*What the task asks:* Please output the entries below exactly as they are.

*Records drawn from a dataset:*
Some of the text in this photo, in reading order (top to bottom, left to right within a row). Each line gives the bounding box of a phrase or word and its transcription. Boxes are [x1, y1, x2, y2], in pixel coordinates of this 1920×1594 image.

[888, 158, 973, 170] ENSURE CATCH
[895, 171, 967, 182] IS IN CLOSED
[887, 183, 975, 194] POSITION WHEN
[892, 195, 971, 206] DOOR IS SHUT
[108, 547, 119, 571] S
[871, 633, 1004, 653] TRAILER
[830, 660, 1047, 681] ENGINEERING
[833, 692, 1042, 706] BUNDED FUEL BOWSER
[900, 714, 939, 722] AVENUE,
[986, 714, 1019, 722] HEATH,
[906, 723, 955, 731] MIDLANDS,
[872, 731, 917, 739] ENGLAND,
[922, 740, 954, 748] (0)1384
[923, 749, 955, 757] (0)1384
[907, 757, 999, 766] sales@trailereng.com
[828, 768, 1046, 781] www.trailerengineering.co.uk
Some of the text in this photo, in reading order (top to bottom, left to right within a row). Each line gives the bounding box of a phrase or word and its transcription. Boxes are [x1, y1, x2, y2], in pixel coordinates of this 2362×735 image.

*Reply to the task:*
Some of the text in this photo, in reading order (top to bottom, left to right within a row). Each line gives the bounding box of a phrase or word and its transcription. Boxes are [x1, y1, x2, y2], in pixel coordinates of this 1920×1594 image.

[888, 158, 973, 170] ENSURE CATCH
[895, 171, 967, 182] IS IN CLOSED
[887, 183, 975, 194] POSITION WHEN
[892, 195, 971, 206] DOOR IS SHUT
[108, 547, 119, 571] S
[871, 633, 1004, 653] TRAILER
[830, 660, 1047, 681] ENGINEERING
[833, 692, 1042, 706] BUNDED FUEL BOWSER
[900, 714, 939, 722] AVENUE,
[986, 714, 1019, 722] HEATH,
[906, 723, 955, 731] MIDLANDS,
[872, 731, 917, 739] ENGLAND,
[922, 740, 954, 748] (0)1384
[923, 749, 955, 757] (0)1384
[907, 757, 999, 766] sales@trailereng.com
[828, 768, 1046, 781] www.trailerengineering.co.uk
Some of the text in this photo, in reading order (top to bottom, left to right within a row). Each line gives the bounding box of a phrase or word and its transcription. Boxes are [x1, y1, x2, y2], in pixel coordinates of this 2362×735 image.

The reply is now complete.